The following are known constraints of the current implementation. They are documented here to support informed usage and to avoid misapplication in production.

**IV is sensitive to binning strategy.** Information Value is not a fixed property of a feature — it depends on how that feature is binned. Different values of `n_bins` or `min_bin_pct` will produce different IV scores for the same feature on the same dataset. IV scores should not be compared across fits that used different binning configurations.

**The target proxy signal flag is a heuristic, not a detection mechanism.** `max_iv_for_leakage` identifies features with unusually high IV relative to a configurable threshold. A high IV score is a signal worth investigating, not a confirmation of leakage. Legitimate features can have high IV; some forms of leakage produce moderate IV. The flag is an input to human judgment, not a substitute for it.

**Categorical high-cardinality features may produce unstable bins.** Features with many distinct categories can produce bins with very low population share even after merging. For high-cardinality categoricals, consider grouping low-frequency categories before fitting or applying a separate encoding strategy outside this transformer.

**Special codes must be declared manually.** The library does not attempt to infer sentinel values from the data distribution. Any value that should be isolated must be declared explicitly in `special_codes`. Undeclared sentinel values will be treated as standard observations and will influence bin boundaries and WOE estimates accordingly.

**Binary targets only.** The current implementation is designed for binary classification tasks (0/1 target). Multi-class targets are not supported.

---

## When Not To Use This

`iv-woe-filter` is purpose-built for binary credit risk scorecards using linear or logistic models. It is not the right tool in the following situations.

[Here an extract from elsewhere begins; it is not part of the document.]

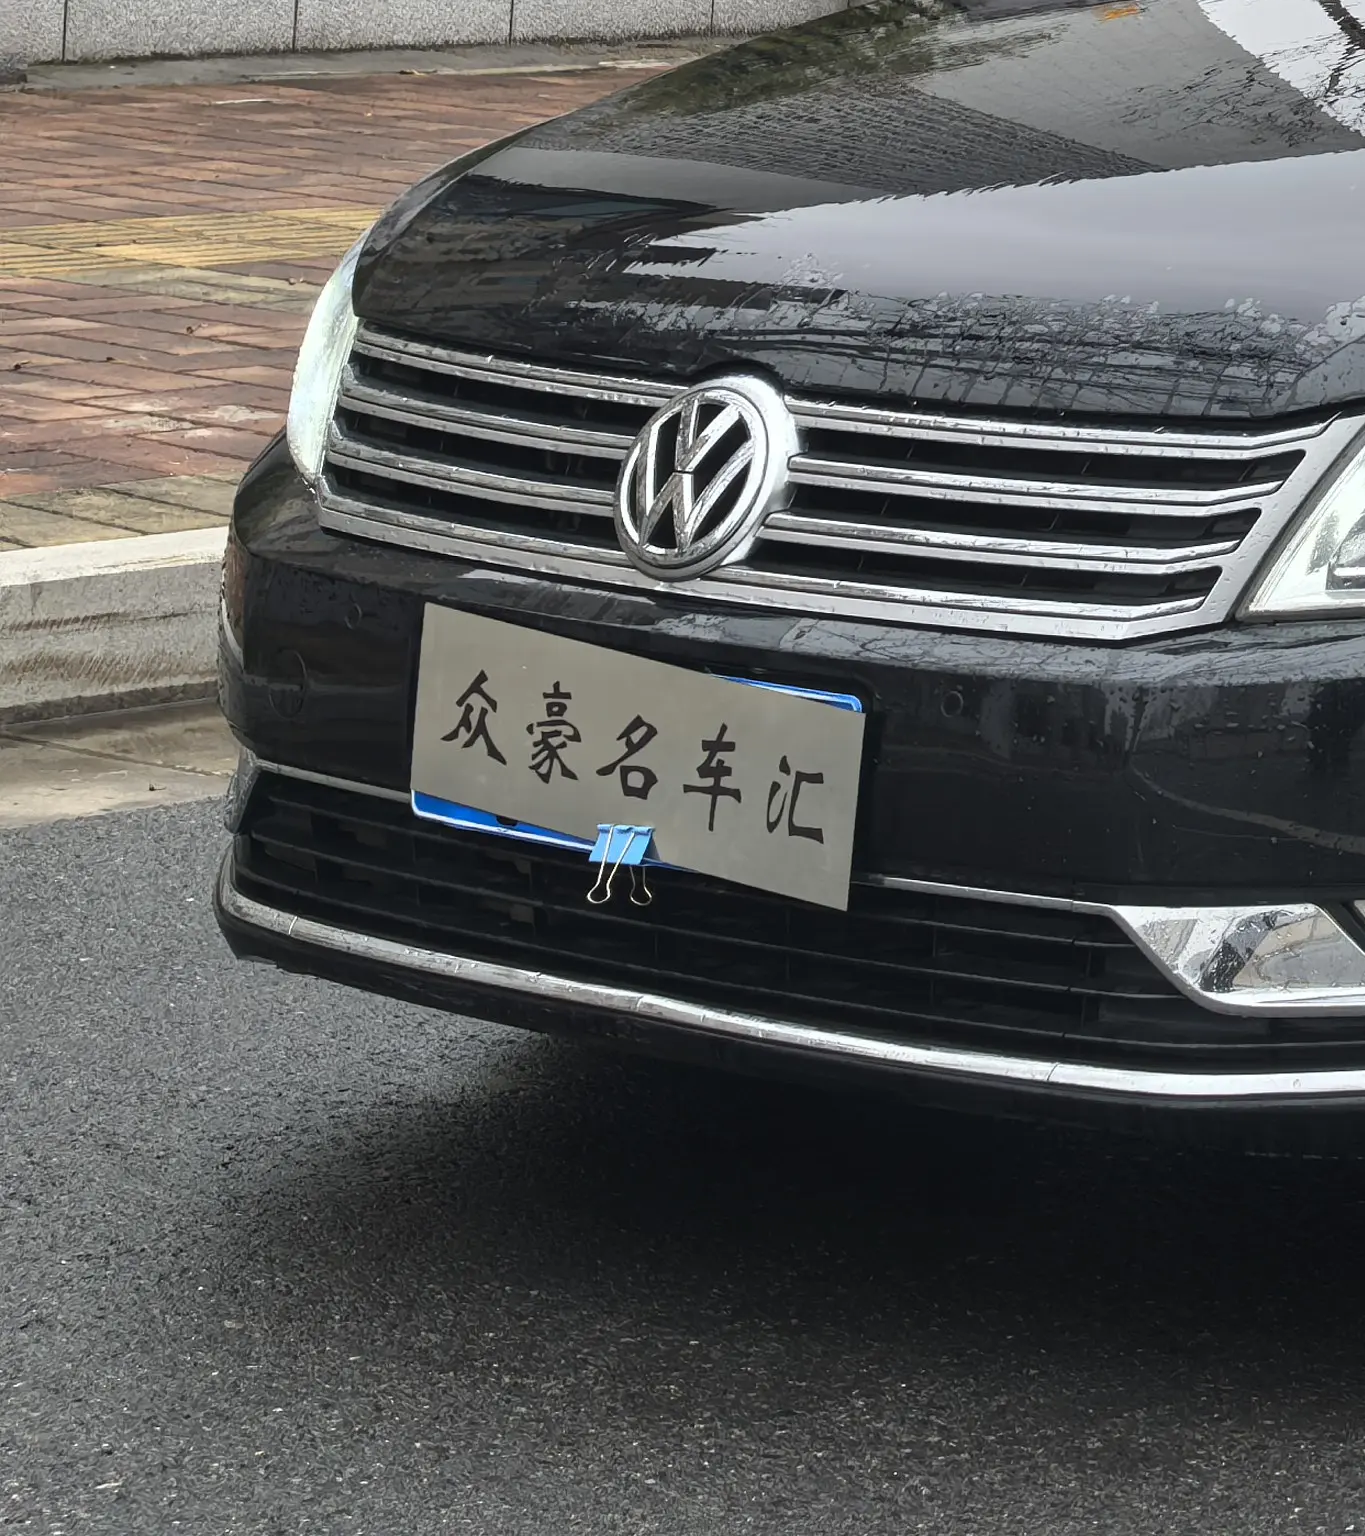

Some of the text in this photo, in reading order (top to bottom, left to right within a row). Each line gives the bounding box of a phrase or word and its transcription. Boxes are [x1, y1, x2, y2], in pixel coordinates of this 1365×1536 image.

[440, 669, 825, 845] 众豪名车汇

**Tree-based models.** Gradient boosted trees and random forests do not require WOE encoding. These models handle non-linear relationships and mixed feature types natively. Applying WOE transformation before a tree-based model collapses information that the model would otherwise learn from the raw distribution.

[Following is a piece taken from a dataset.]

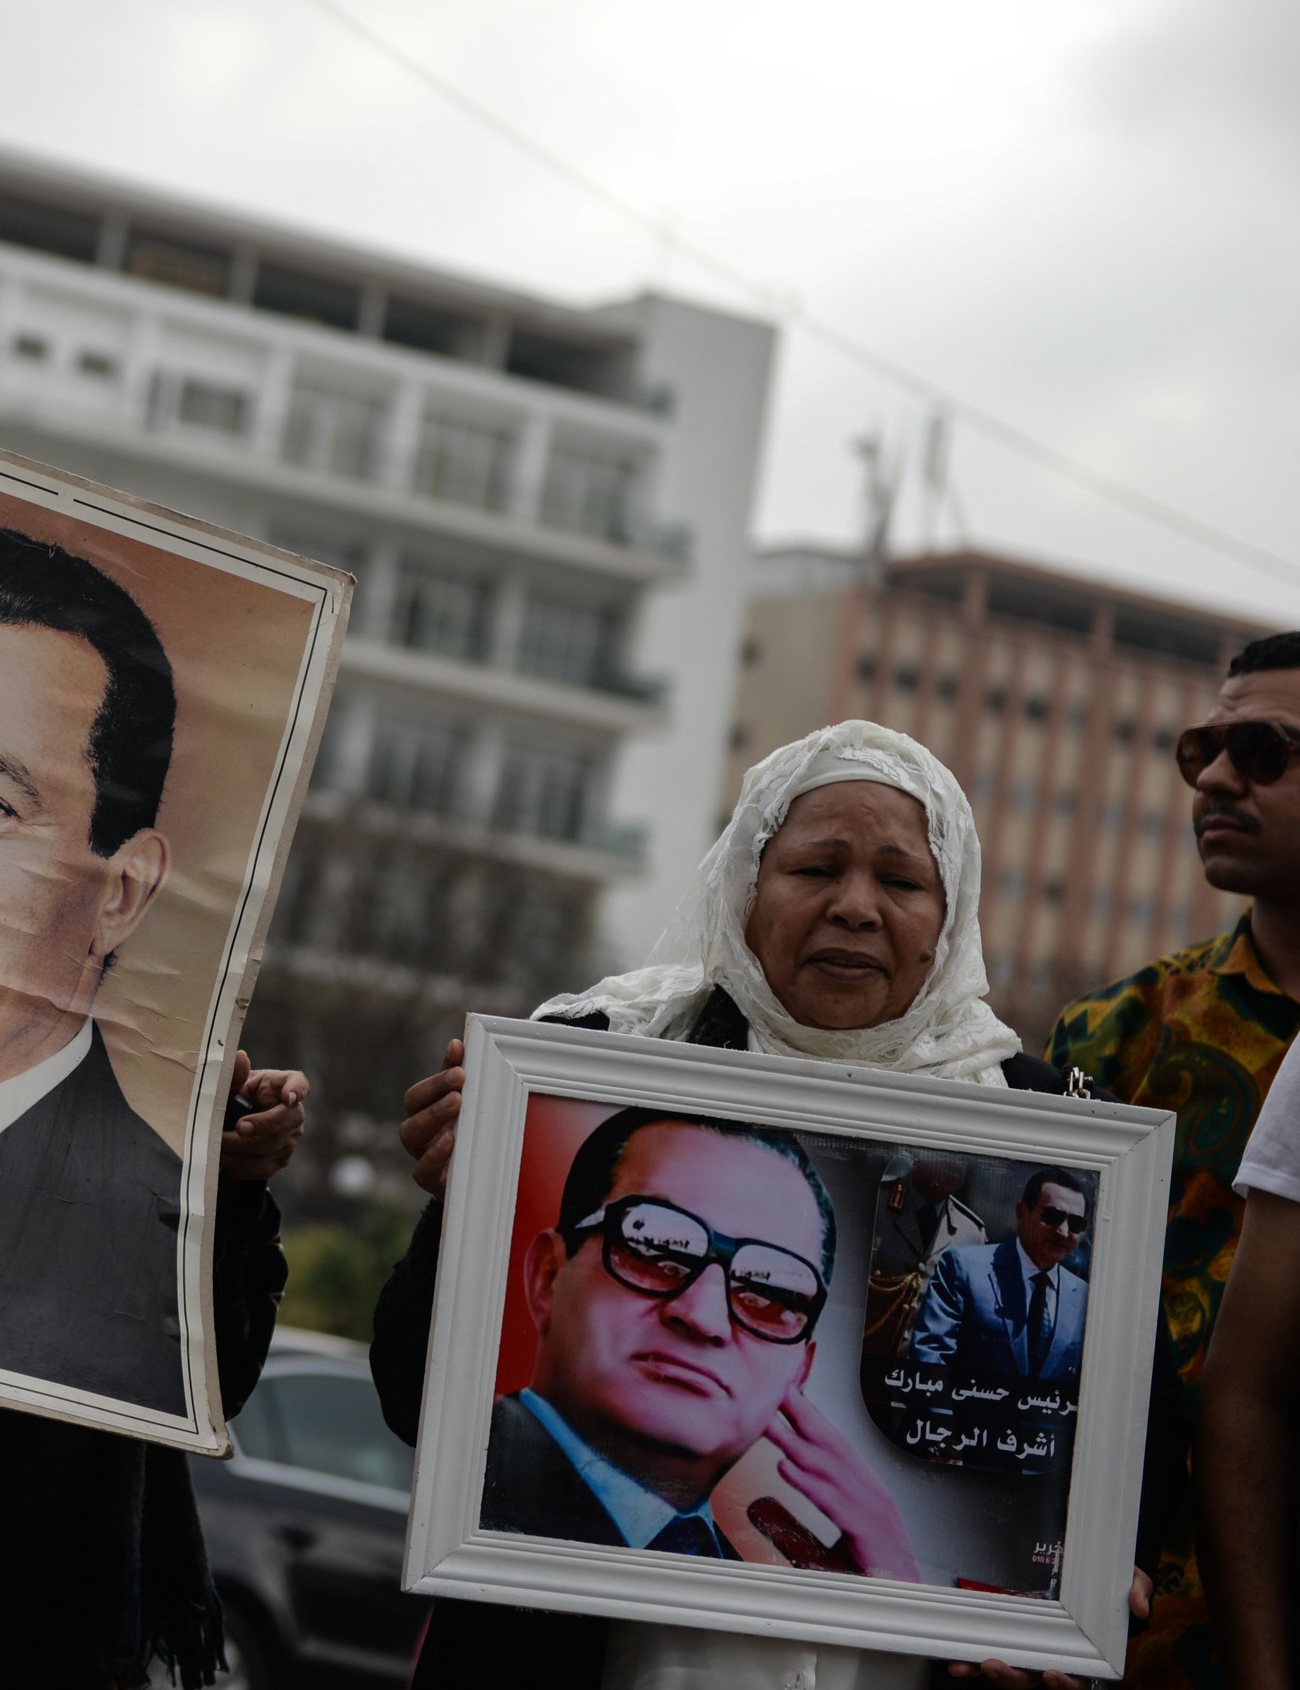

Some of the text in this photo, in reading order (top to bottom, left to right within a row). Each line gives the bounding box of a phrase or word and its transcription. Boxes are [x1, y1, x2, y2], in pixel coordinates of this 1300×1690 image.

**Deep learning pipelines.** Neural networks learn their own representations from raw inputs. WOE encoding reduces features to a single scalar per bin, discarding distributional detail that deep models depend on. Standard normalization or embedding approaches are more appropriate.

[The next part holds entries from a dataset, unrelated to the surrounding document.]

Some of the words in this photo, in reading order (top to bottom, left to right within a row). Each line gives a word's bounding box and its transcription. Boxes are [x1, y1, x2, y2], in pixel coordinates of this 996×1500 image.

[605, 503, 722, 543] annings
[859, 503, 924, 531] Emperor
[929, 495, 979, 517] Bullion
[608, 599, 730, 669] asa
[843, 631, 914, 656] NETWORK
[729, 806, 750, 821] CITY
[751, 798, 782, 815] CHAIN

**Unsupervised learning.** WOE and IV are defined relative to a binary target. They have no meaningful interpretation in clustering, dimensionality reduction, or anomaly detection contexts.

**High-cardinality free-text or embedding features.** Features that are inherently continuous at high resolution — raw embeddings, image features, unstructured text representations — are not suited to quantile binning. Apply appropriate feature extraction before using this transformer.

---

## Development and Testing

### Set Up

```bash
git clone https://github.com/dilshodazamjonov/iv-woe-filter.git
cd iv-woe-filter
uv sync --all-extras
```

### Run Tests

```bash
# Full test suite
uv run pytest

# With coverage report
uv run pytest --cov=src/iv_woe_filter --cov-report=term-missing

# Verbose output for a single module
uv run pytest tests/test_iv_woe_filter.py -v
```

### CI

Pull requests are validated automatically via GitHub Actions. Configuration is at `.github/workflows/ci.yaml`.

### Project Layout

```
iv-woe-filter/
    src/
        iv_woe_filter/
            __init__.py
            iv_woe_filter.py     # IVWOEFilter transformer
            binning.py           # Quantile and categorical binning logic
            woe.py               # Vectorized WOE / IV computation and monotonicity checks 
    tests/
        test_iv_woe_filter.py
    pyproject.toml
    uv.lock
    .python-version
    LICENSE
    .github/
        workflows/
            ci.yaml
```

---

## License

Released under the [MIT License](LICENSE).